Luz A. Rodriguez, Maria Alejandra Velez, Alexander Pfaff
World Development 147 (2021)

Globally, small-scale gold mining (SSGM) is an important economic option for many rural poor. It involves local uses of shared resources, like common-pool contexts for which self-governance has avoided ‘tragedies of the commons’. Yet even ideal local governance of SSGM is not societally efficient given non-local damages that suggest external interventions for desired shifts. Because transactions costs are high for rewarding reductions in damages on remote mining frontiers, states could gain if rewards based on low-cost, group compliance measures could successfully induce cooperation in response to policy.

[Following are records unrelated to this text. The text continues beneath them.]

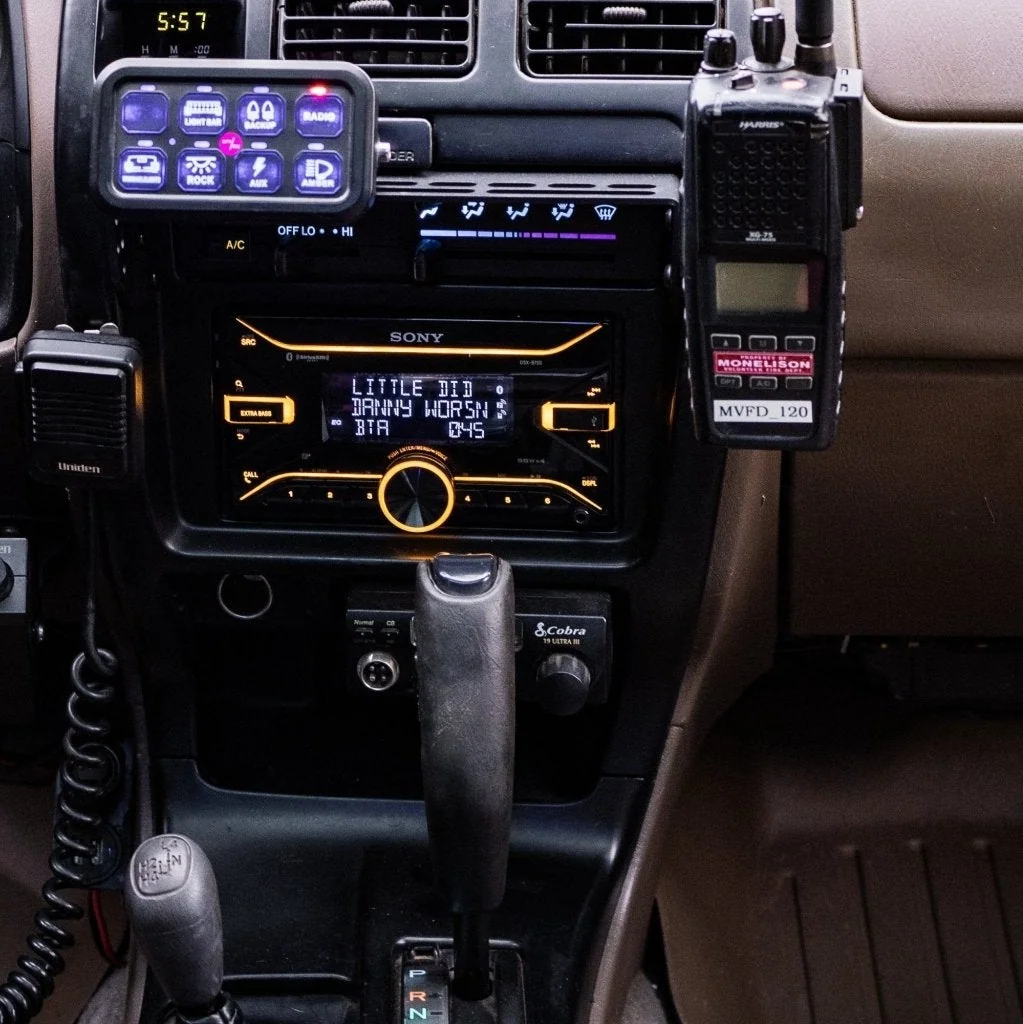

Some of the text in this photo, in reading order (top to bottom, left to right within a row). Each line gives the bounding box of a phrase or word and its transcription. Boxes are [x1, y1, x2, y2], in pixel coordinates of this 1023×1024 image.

[157, 11, 207, 32] 5:57
[142, 45, 149, 54] H
[170, 45, 179, 54] M
[302, 111, 336, 122] RADIO
[186, 175, 215, 186] ROCK
[249, 179, 269, 188] AUX
[300, 179, 336, 188] AMBER
[277, 225, 354, 237] OFF LO HI
[226, 239, 245, 250] A/C
[240, 338, 257, 346] SRC
[389, 331, 444, 343] SONY
[717, 359, 811, 369] MONELISON
[352, 378, 473, 398] LITTLE DID
[351, 397, 488, 419] DANNY WORSN
[354, 419, 389, 436] BTA
[57, 461, 101, 474] Uniden
[288, 490, 294, 498] 1
[327, 491, 334, 499] 2
[366, 492, 373, 500] 3
[504, 496, 511, 504] 5
[546, 625, 587, 636] Cobra
[408, 969, 427, 979] P
[408, 991, 427, 1002] R
[408, 1007, 427, 1020] N

However, as group-level rewards invite free-riding, such success requires local collective action. Since that guarantees neither efficient coordination nor equitable distributions of net benefits from compliance, we consider the impacts of emergent leaders on local responses to external policy. We employ framed lab experiments with 200 small-scale gold miners in Colombia’s Pacific to explore leaders’ impacts on equity and efficiency in collective responses to external incentives. Allowing communication before individual choice, which raises efficiency but not always equity, we can identify emergent leaders of groups’ communications. Leaders raise compliance and affect how its costs are distributed, suggesting access to leadership roles matters.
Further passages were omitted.